Microsoft is accused by the US Department of Justice (DOJ) and 19 US states of illegally using its dominance in PC desktop operating systems to try to quash competition in other areas, such as the market for Web browsers.
In effect, Microsoft document is a rebuttal of the government's rebuttal of the software company's legal defense.
Once again, as the firm has done in previous filings in the case, Microsoft defended itself using firm and certain terms.
"By lambasting Microsoft, plaintiffs apparently hope to draw attention away from the flaws in their case," the Microsoft rebuttal said. "Time and again, plaintiffs' only support for bold pronouncements about applicable legal principles is a citation to their own proposed conclusions of law -- which themselves contain little in the way of legal authority."
The US government has argued that Microsoft violated antitrust laws and that the company in its conclusions of law filing a week ago ignored the substantive issues of the case, instead addressing "strawmen," and taking "a series of potshots," while also misstating legal standards to evade the relevant points in the dispute.
Microsoft rebuttal attempts to deconstruct the government's earlier filing with numerous examples of case law and other pointed criticisms of the way the DOJ has backed up its case. The software maker says the DOJ failed to provide specifics for its "strawmen" assertion and sought to apply out-of-context passages from decisions involving different market circumstances.

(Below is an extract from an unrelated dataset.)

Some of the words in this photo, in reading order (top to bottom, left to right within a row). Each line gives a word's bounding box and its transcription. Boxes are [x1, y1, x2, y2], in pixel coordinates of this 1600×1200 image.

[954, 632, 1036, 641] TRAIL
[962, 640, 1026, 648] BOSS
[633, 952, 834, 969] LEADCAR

After Jackson ruled last November in his findings of fact that Microsoft is a monopoly, each side was allowed to respond with conclusions of law, which set forth how the software maker and the US government believe that antitrust law should be applied to the judge's findings of fact. Each side also was granted the opportunity to file rebuttal briefs arguing points made in the other's conclusions of law.

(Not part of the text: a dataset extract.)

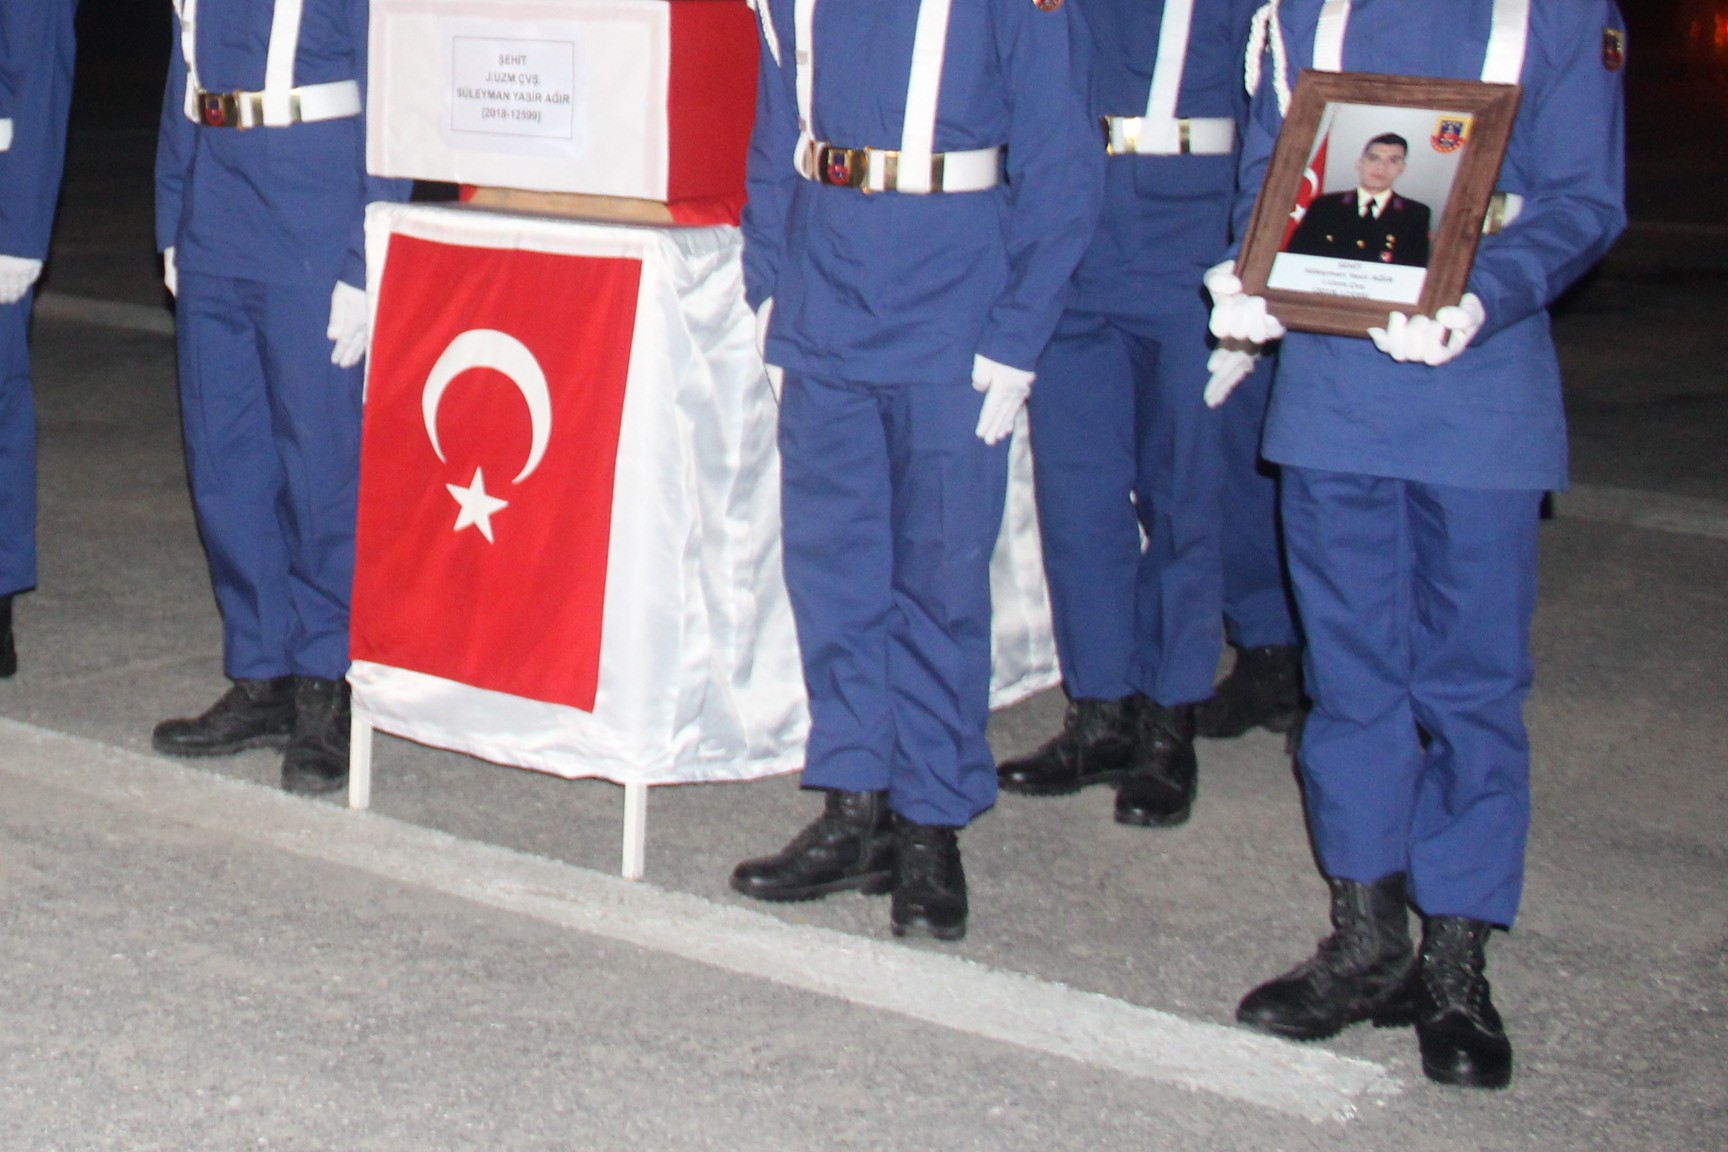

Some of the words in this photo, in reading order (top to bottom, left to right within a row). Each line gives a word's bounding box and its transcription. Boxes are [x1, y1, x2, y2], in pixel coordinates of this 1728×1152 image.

[498, 53, 527, 66] ŞEHİT
[456, 87, 510, 100] SÜLEYMAN
[512, 89, 543, 103] YASİR
[545, 91, 570, 104] AĞIR

Microsoft consistently has defended its actions, contending that it is not a monopoly and that it has not misused its market position.

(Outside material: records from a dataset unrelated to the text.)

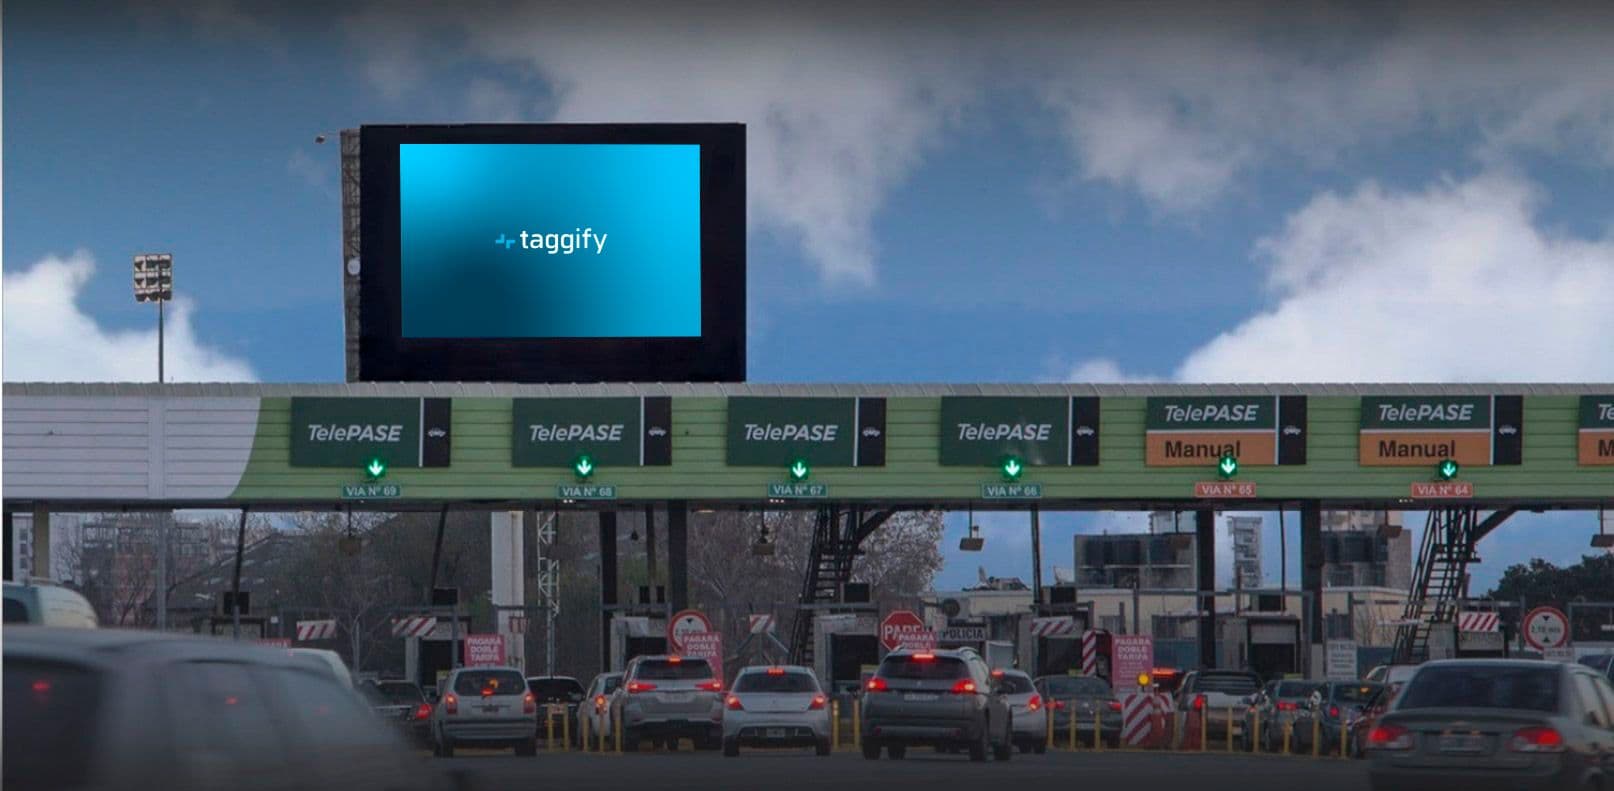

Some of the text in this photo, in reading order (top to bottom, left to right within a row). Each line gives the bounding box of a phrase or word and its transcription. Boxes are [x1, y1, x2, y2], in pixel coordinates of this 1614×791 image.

[519, 227, 608, 255] taggify
[1165, 404, 1260, 421] TelePASE
[1378, 404, 1474, 421] TelePASE
[308, 424, 403, 442] TelePASE
[529, 424, 624, 441] TelePASE
[744, 423, 839, 441] TelePASE
[957, 423, 1052, 441] TelePASE
[1165, 440, 1241, 458] Manual
[1378, 440, 1456, 458] Manual
[346, 486, 366, 497] VIA
[383, 486, 397, 497] 69
[562, 487, 582, 497] VIA
[599, 487, 612, 497] 68
[773, 485, 793, 496] VIA
[810, 485, 823, 496] 67
[987, 486, 1007, 497] VIA
[1024, 486, 1038, 497] 66
[1202, 485, 1221, 496] VIA
[1238, 485, 1252, 496] 65
[1417, 485, 1437, 496] VIA
[1455, 485, 1468, 496] 64

The software vendor's brief says the government's tying claim involving the integration of Microsoft's Internet Explorer Web browser and Windows operating system fails because the Windows 98 OS is a single, integrated product. Microsoft claims it is not forcing any customers to purchase a second distinct product, and the alleged tie does not foreclose a substantial amount of sales of the allegedly tied product.
The company further argued in the brief that Microsoft's license agreements with PC manufacturers do not constitute an unlawful restraint of trade, and it says the DOJ's attempted monopoly claim flies directly in the face of settled cases.
Microsoft has said all along that it has not engaged in illegal anticompetitive behavior by, for example, forcing other vendors to sign exclusionary deals that cut rival companies, particularly Netscape Communications (now part of America Online), out of the Internet software market.